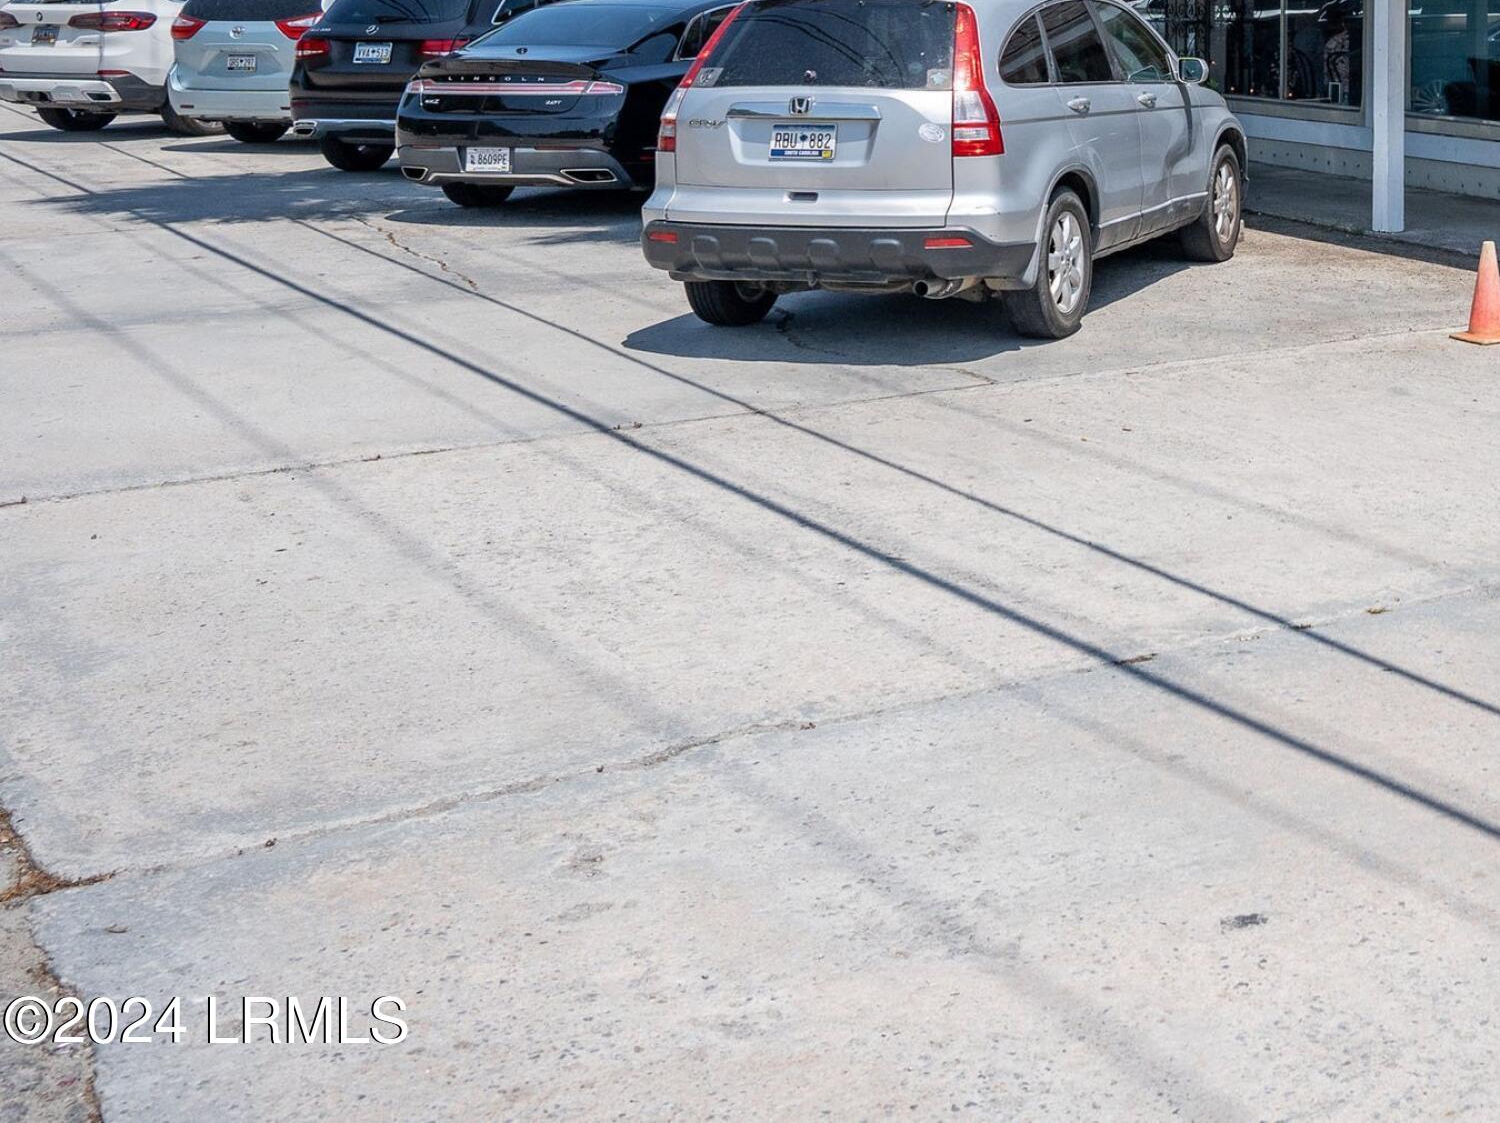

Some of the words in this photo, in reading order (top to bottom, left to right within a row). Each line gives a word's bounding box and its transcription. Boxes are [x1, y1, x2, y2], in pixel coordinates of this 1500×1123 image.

[774, 131, 798, 149] RBU
[808, 132, 832, 149] 882
[477, 154, 508, 165] 8609PE
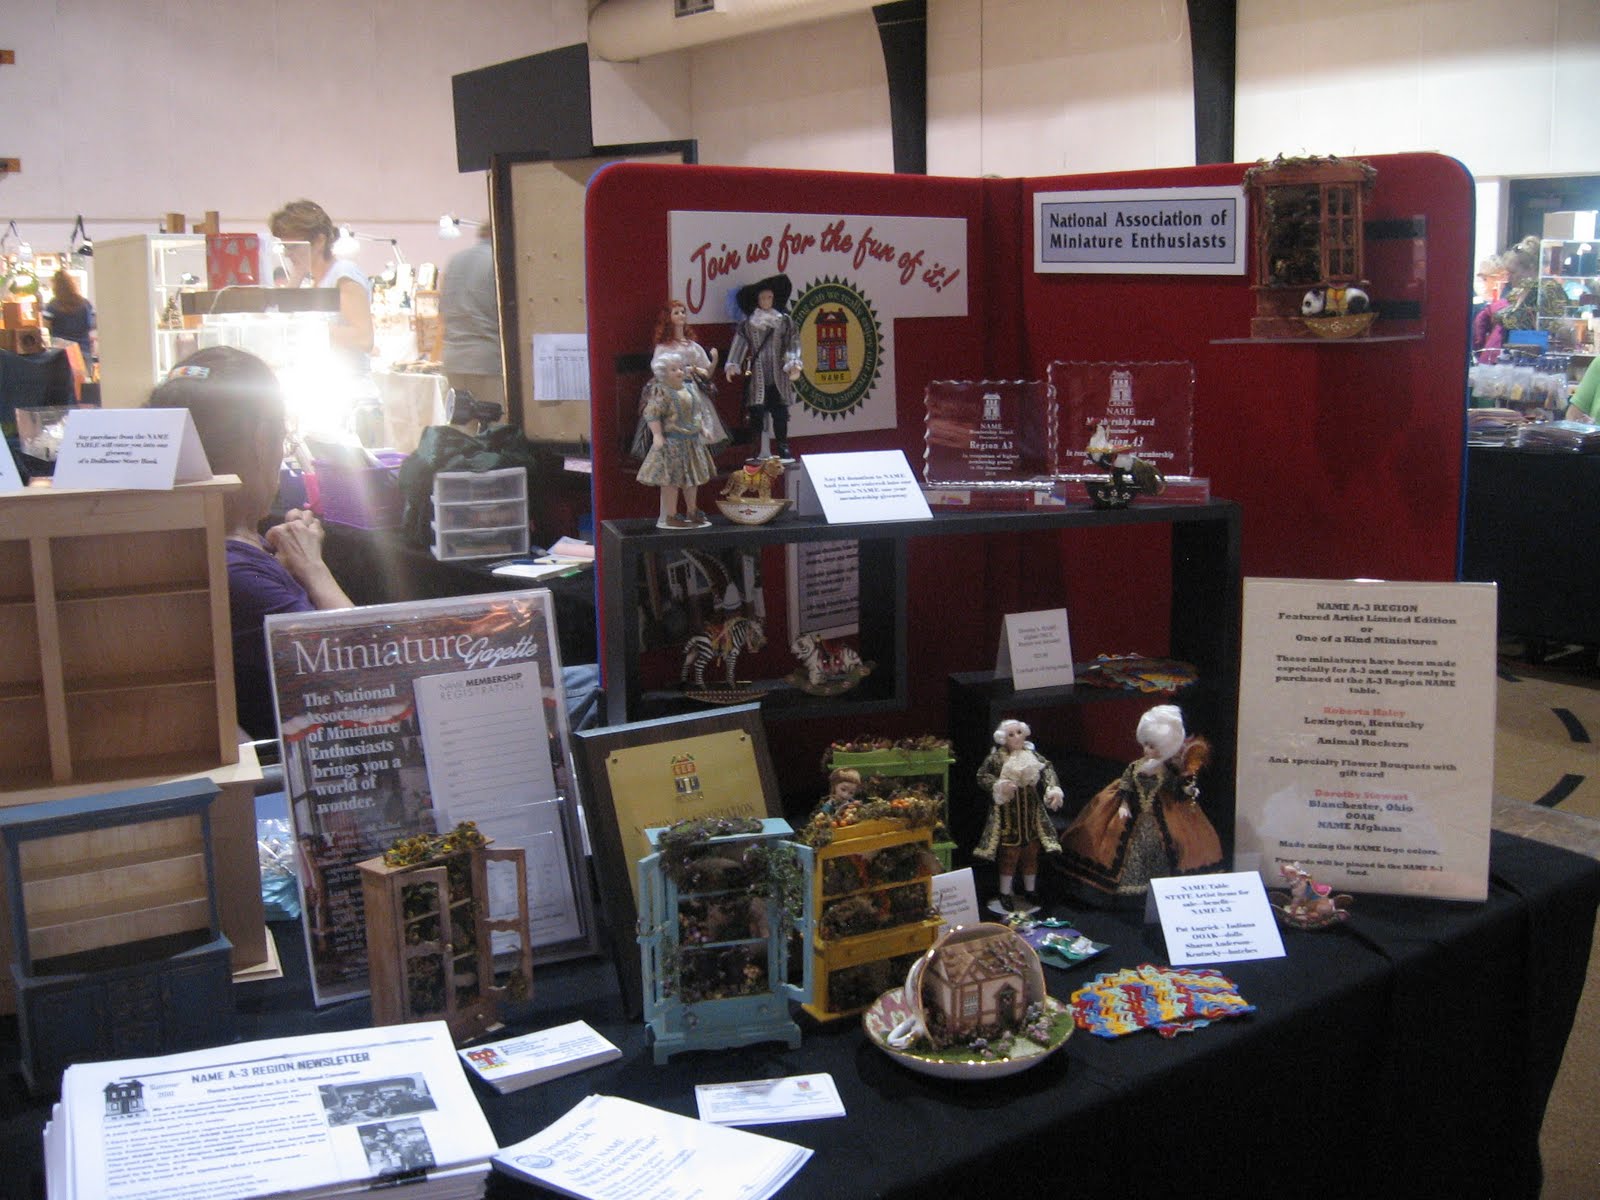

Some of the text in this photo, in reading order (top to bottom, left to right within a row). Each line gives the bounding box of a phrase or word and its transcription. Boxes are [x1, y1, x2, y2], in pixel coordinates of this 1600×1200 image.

[1050, 209, 1227, 227] National Association of
[1051, 233, 1226, 248] Miniature Enthusiasts
[686, 219, 960, 314] Join us for the fun of it!
[821, 373, 845, 381] NAME
[970, 441, 1013, 451] Region A3
[1317, 602, 1418, 613] NAME A-3 REGION
[1278, 612, 1456, 624] Featured Artist Limited Edition
[1296, 634, 1318, 642] One
[1321, 635, 1333, 643] of
[1344, 636, 1371, 644] Kind
[1374, 637, 1438, 645] Miniatures
[292, 633, 538, 675] Miniature Gazette
[1276, 655, 1456, 667] These miniatures have been made
[1277, 665, 1330, 674] especially
[1332, 666, 1347, 674] for
[1392, 670, 1416, 678] may
[1417, 670, 1440, 678] only
[465, 672, 523, 688] MEMBERSHIP
[1275, 675, 1331, 685] purchased
[1347, 676, 1364, 684] the
[1366, 677, 1382, 685] A-3
[1384, 678, 1423, 688] Region
[1425, 679, 1456, 687] NAME
[303, 683, 397, 708] The National
[1349, 687, 1380, 695] table.
[304, 703, 386, 725] Association
[1304, 717, 1424, 730] Lexington, Kentucky
[308, 722, 400, 743] of Miniature
[1317, 737, 1409, 748] Animal Rockers
[309, 739, 395, 761] Enthusiasts
[312, 757, 402, 779] brings you a
[1269, 756, 1456, 771] And specialty Flower Bouquets with
[1339, 769, 1357, 778] gift
[315, 774, 377, 796] world of
[317, 795, 377, 815] wonder.
[1309, 800, 1413, 812] Blanchester, Ohio
[1346, 812, 1375, 820] OOAK
[1318, 821, 1402, 833] NAME Afghans
[1279, 840, 1305, 849] Made
[1308, 842, 1333, 851] using
[1337, 842, 1351, 850] the
[1354, 844, 1381, 852] NAME
[1383, 845, 1404, 854] logo
[191, 1052, 370, 1083] NAME A-3 REGION NEWSLETTER
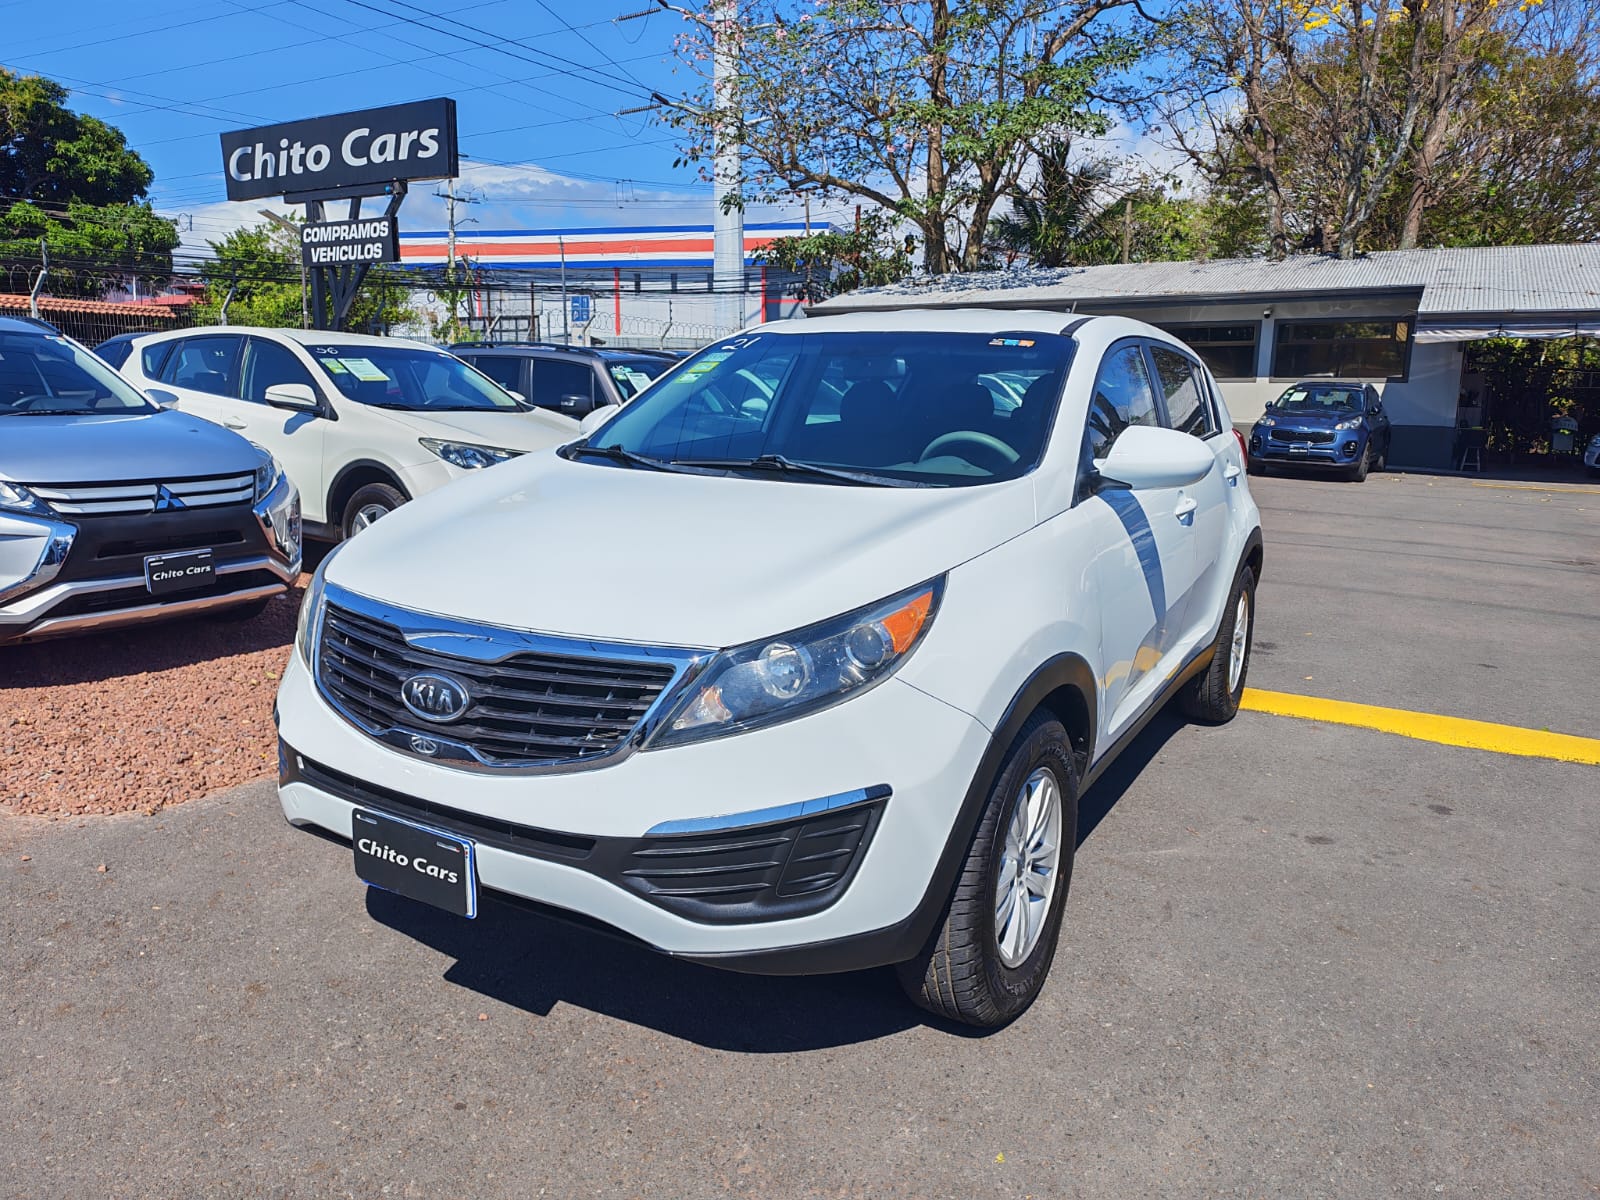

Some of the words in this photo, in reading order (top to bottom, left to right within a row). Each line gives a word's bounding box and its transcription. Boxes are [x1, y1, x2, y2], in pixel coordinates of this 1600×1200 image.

[229, 138, 331, 182] Chito
[341, 127, 439, 166] Cars
[302, 220, 389, 243] COMPRAMOS
[310, 242, 383, 263] VEHICULOS
[721, 336, 762, 350] 21
[152, 570, 183, 580] Chito
[186, 565, 211, 575] Cars
[411, 682, 453, 712] KIA
[358, 838, 409, 866] Chito
[412, 857, 458, 884] Cars
-=-=-=-=-
Pictures are to be dropped, and every record is to be copied exactly.

**RESPONSE TO THIS TASK**
Some of the words in this photo, in reading order (top to bottom, left to right within a row). Each line gives a word's bounding box and its transcription. Boxes are [x1, y1, x2, y2], in pixel coordinates of this 1500×1123 image.

[774, 131, 798, 149] RBU
[808, 132, 832, 149] 882
[477, 154, 508, 165] 8609PE

Some of the text in this photo, in reading order (top to bottom, left to right within a row). Each line gives the bounding box of a phrase or word and its transcription. Boxes are [x1, y1, x2, y2], in pixel coordinates of this 1600×1200 image.

[1050, 209, 1227, 227] National Association of
[1051, 233, 1226, 248] Miniature Enthusiasts
[686, 219, 960, 314] Join us for the fun of it!
[821, 373, 845, 381] NAME
[970, 441, 1013, 451] Region A3
[1317, 602, 1418, 613] NAME A-3 REGION
[1278, 612, 1456, 624] Featured Artist Limited Edition
[1296, 634, 1318, 642] One
[1321, 635, 1333, 643] of
[1344, 636, 1371, 644] Kind
[1374, 637, 1438, 645] Miniatures
[292, 633, 538, 675] Miniature Gazette
[1276, 655, 1456, 667] These miniatures have been made
[1277, 665, 1330, 674] especially
[1332, 666, 1347, 674] for
[1392, 670, 1416, 678] may
[1417, 670, 1440, 678] only
[465, 672, 523, 688] MEMBERSHIP
[1275, 675, 1331, 685] purchased
[1347, 676, 1364, 684] the
[1366, 677, 1382, 685] A-3
[1384, 678, 1423, 688] Region
[1425, 679, 1456, 687] NAME
[303, 683, 397, 708] The National
[1349, 687, 1380, 695] table.
[304, 703, 386, 725] Association
[1304, 717, 1424, 730] Lexington, Kentucky
[308, 722, 400, 743] of Miniature
[1317, 737, 1409, 748] Animal Rockers
[309, 739, 395, 761] Enthusiasts
[312, 757, 402, 779] brings you a
[1269, 756, 1456, 771] And specialty Flower Bouquets with
[1339, 769, 1357, 778] gift
[315, 774, 377, 796] world of
[317, 795, 377, 815] wonder.
[1309, 800, 1413, 812] Blanchester, Ohio
[1346, 812, 1375, 820] OOAK
[1318, 821, 1402, 833] NAME Afghans
[1279, 840, 1305, 849] Made
[1308, 842, 1333, 851] using
[1337, 842, 1351, 850] the
[1354, 844, 1381, 852] NAME
[1383, 845, 1404, 854] logo
[191, 1052, 370, 1083] NAME A-3 REGION NEWSLETTER

Some of the words in this photo, in reading order (top to bottom, left to right within a row). Each line gives a word's bounding box and its transcription. Boxes are [x1, y1, x2, y2], in pixel coordinates of this 1600×1200 image.

[229, 138, 331, 182] Chito
[341, 127, 439, 166] Cars
[302, 220, 389, 243] COMPRAMOS
[310, 242, 383, 263] VEHICULOS
[721, 336, 762, 350] 21
[152, 570, 183, 580] Chito
[186, 565, 211, 575] Cars
[411, 682, 453, 712] KIA
[358, 838, 409, 866] Chito
[412, 857, 458, 884] Cars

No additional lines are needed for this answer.